----- Exercise materials -----

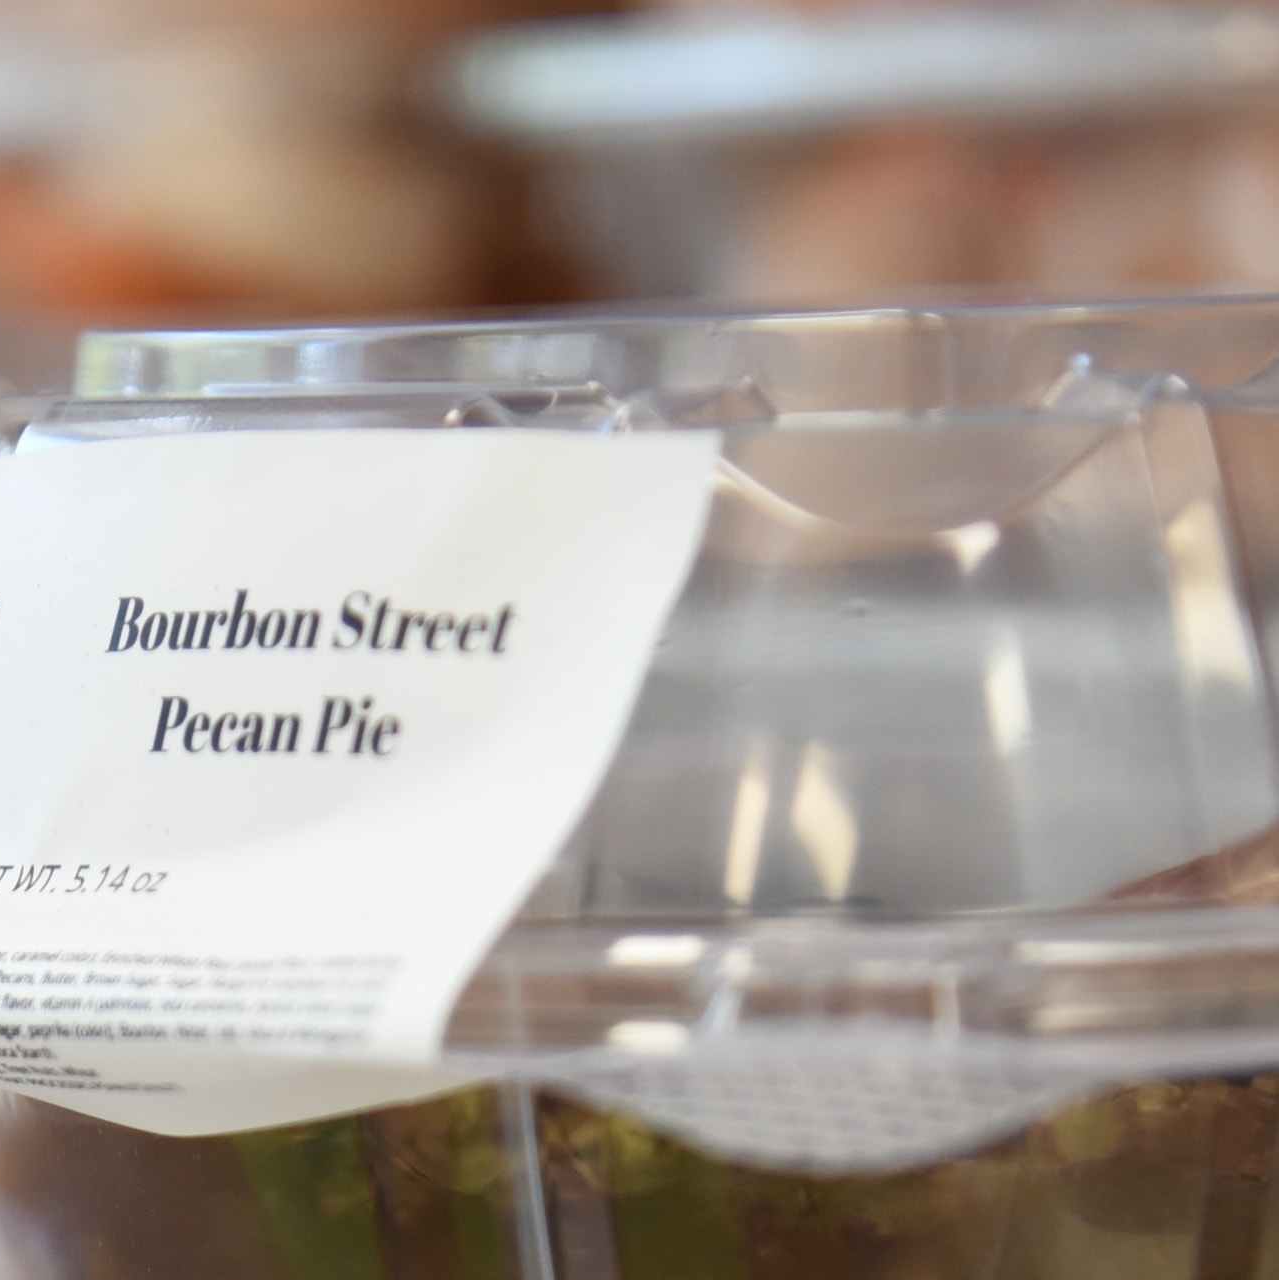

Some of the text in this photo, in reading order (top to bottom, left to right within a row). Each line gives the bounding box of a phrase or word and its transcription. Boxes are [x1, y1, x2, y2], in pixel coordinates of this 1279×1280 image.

[105, 589, 516, 654] Bourbon Street
[149, 695, 401, 756] Pecan Pie
[12, 864, 61, 894] WT.
[66, 864, 131, 894] 5.14
[131, 871, 168, 895] oz
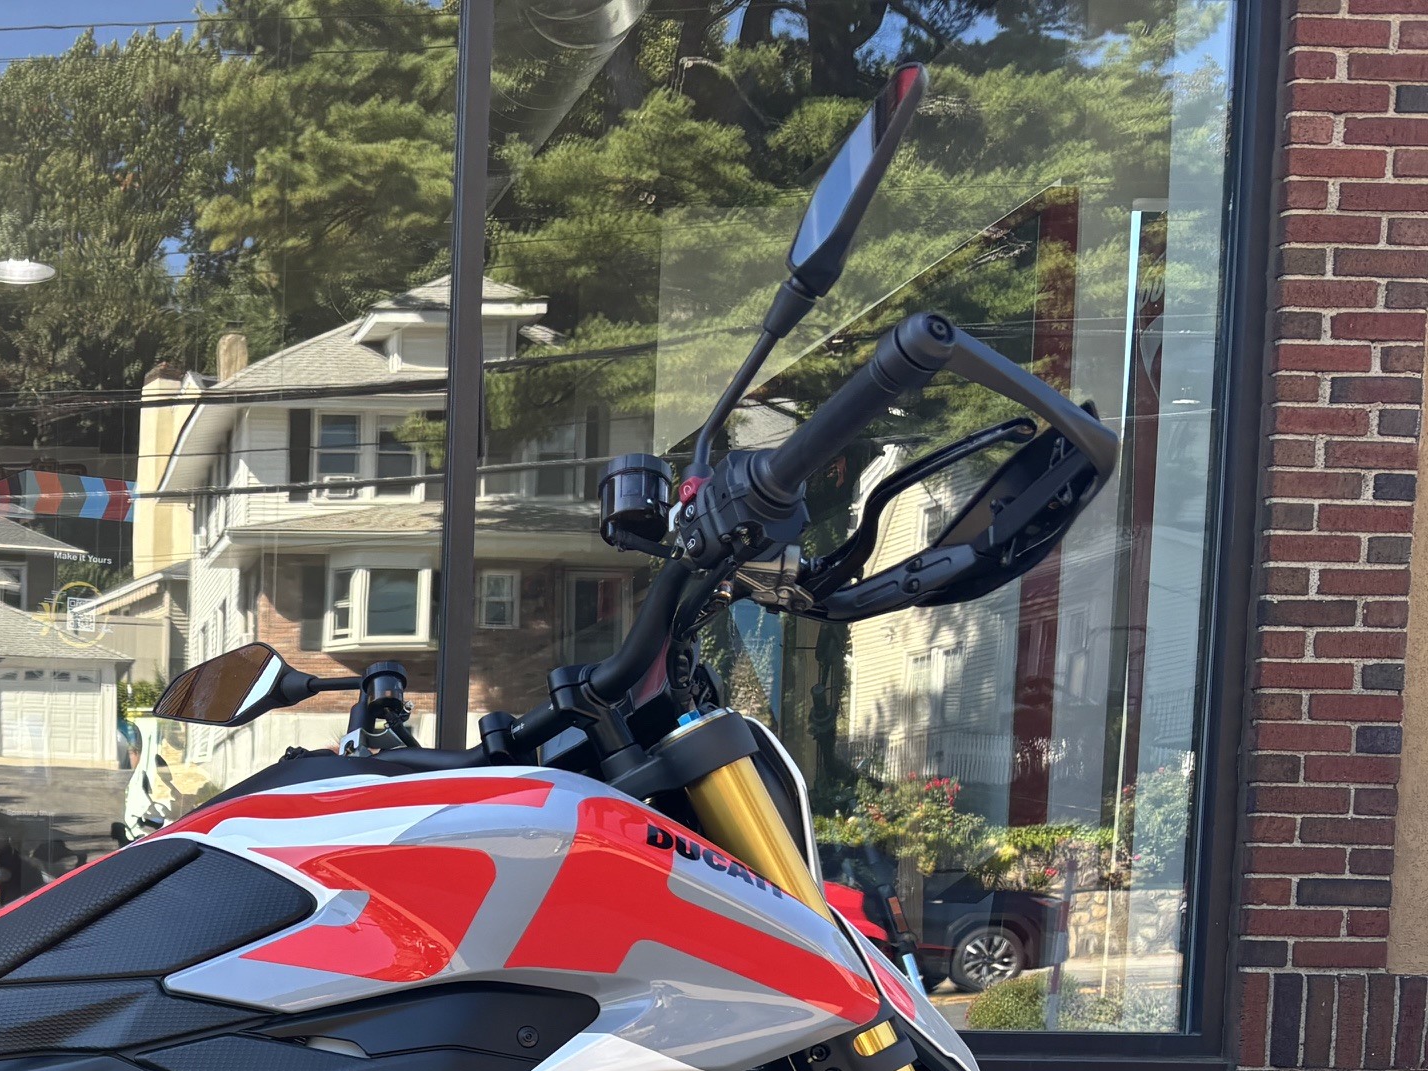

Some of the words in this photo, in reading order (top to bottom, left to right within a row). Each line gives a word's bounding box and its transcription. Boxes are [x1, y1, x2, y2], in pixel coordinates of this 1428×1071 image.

[54, 552, 77, 561] Make
[79, 554, 86, 562] it
[87, 555, 112, 564] Yours
[646, 824, 783, 899] DUCATI
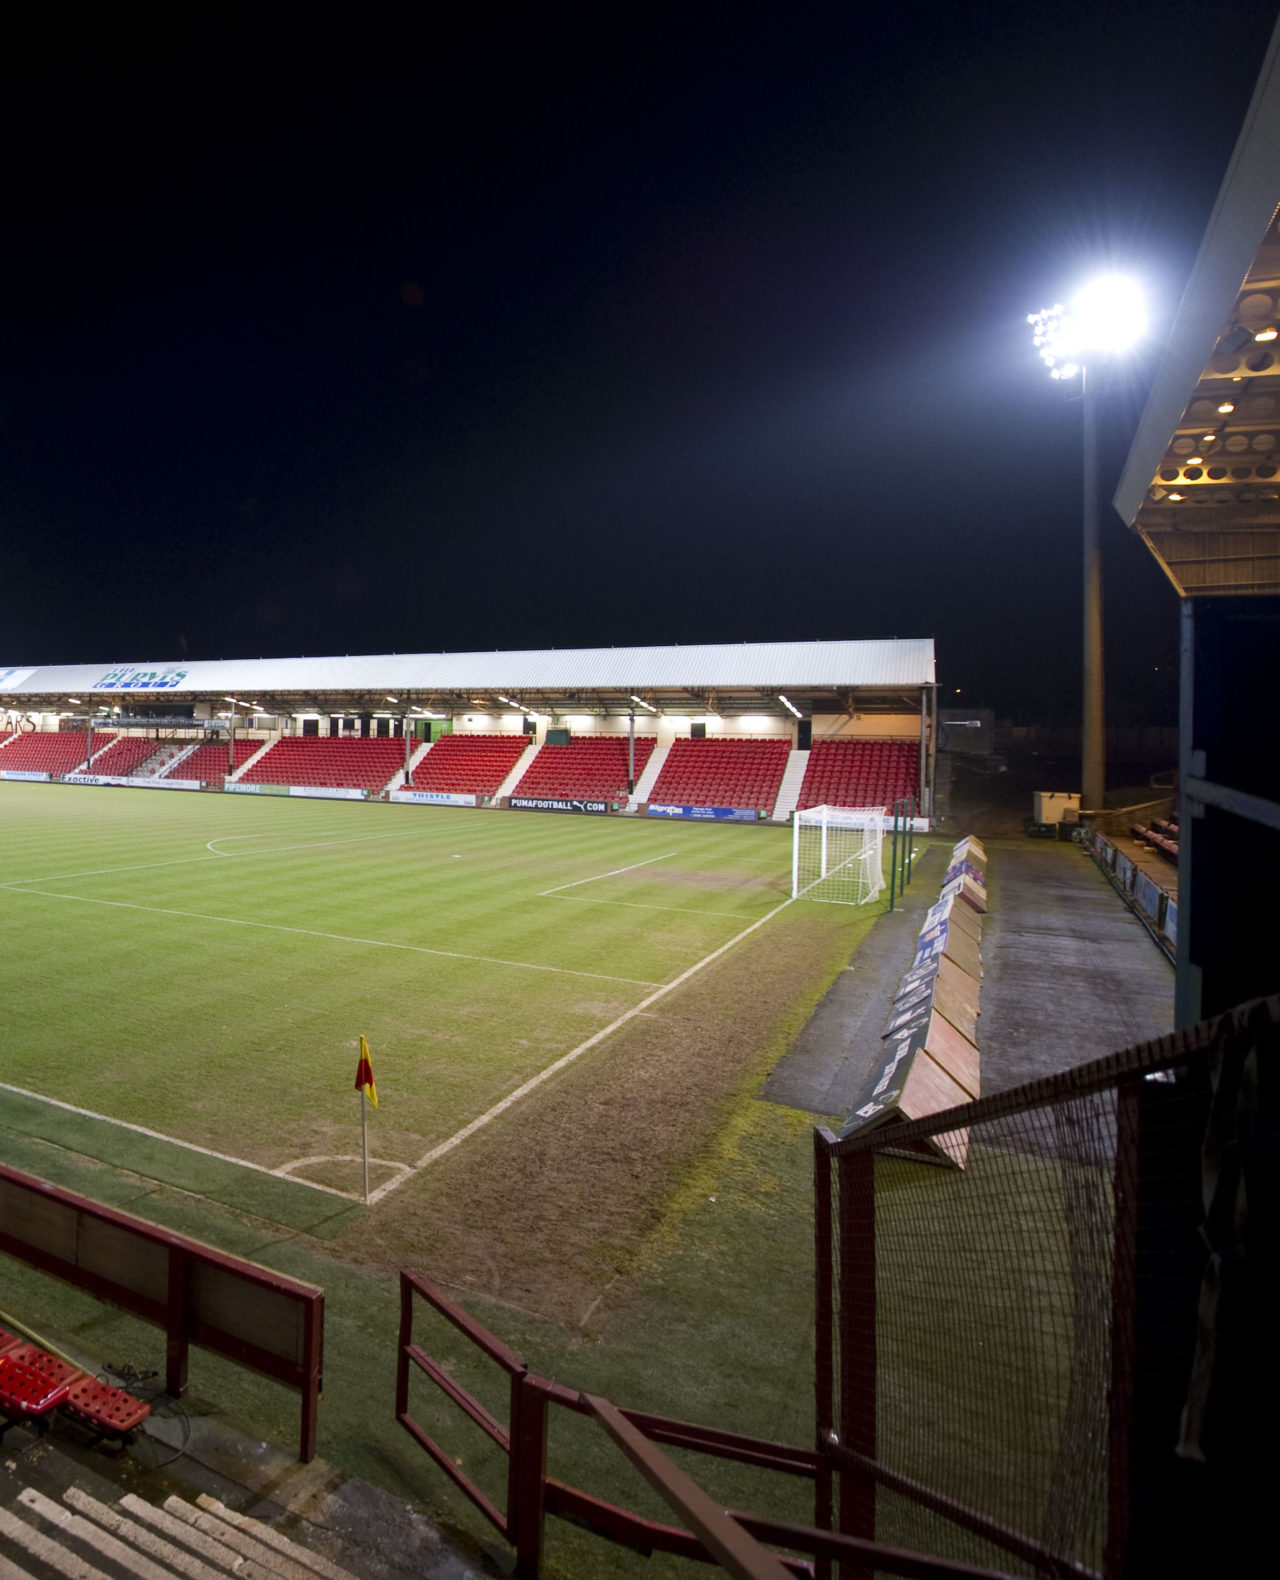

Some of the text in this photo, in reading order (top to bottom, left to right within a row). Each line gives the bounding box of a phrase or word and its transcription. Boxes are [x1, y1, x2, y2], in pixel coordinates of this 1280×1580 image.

[61, 774, 100, 785] Exactive
[224, 782, 261, 793] PIPEMORE
[412, 792, 451, 800] THISTLE
[511, 798, 605, 811] PUMAFOOTBALL COM

-----

[What you are asked to do] What is needed is an exact repeat of every entry above, with the pictures left out.

[Answer box]
Some of the text in this photo, in reading order (top to bottom, left to right within a row). Each line gives the bounding box of a phrase or word and its transcription. Boxes are [x1, y1, x2, y2], in pixel coordinates of this 1279×1280 image.

[105, 589, 516, 654] Bourbon Street
[149, 695, 401, 756] Pecan Pie
[12, 864, 61, 894] WT.
[66, 864, 131, 894] 5.14
[131, 871, 168, 895] oz

Some of the words in this photo, in reading order (top to bottom, left to right within a row). Each line gives a word's bounding box and its transcription. Boxes are [x1, y1, x2, y2], in pixel coordinates of this 1428×1071 image.

[54, 552, 77, 561] Make
[79, 554, 86, 562] it
[87, 555, 112, 564] Yours
[646, 824, 783, 899] DUCATI

Some of the text in this photo, in reading order (top to bottom, left to right within a row). Each line gives the bounding box of a phrase or word and its transcription. Boxes are [x1, y1, x2, y2], in pixel coordinates of this 1280×1580 image.

[61, 774, 100, 785] Exactive
[224, 782, 261, 793] PIPEMORE
[412, 792, 451, 800] THISTLE
[511, 798, 605, 811] PUMAFOOTBALL COM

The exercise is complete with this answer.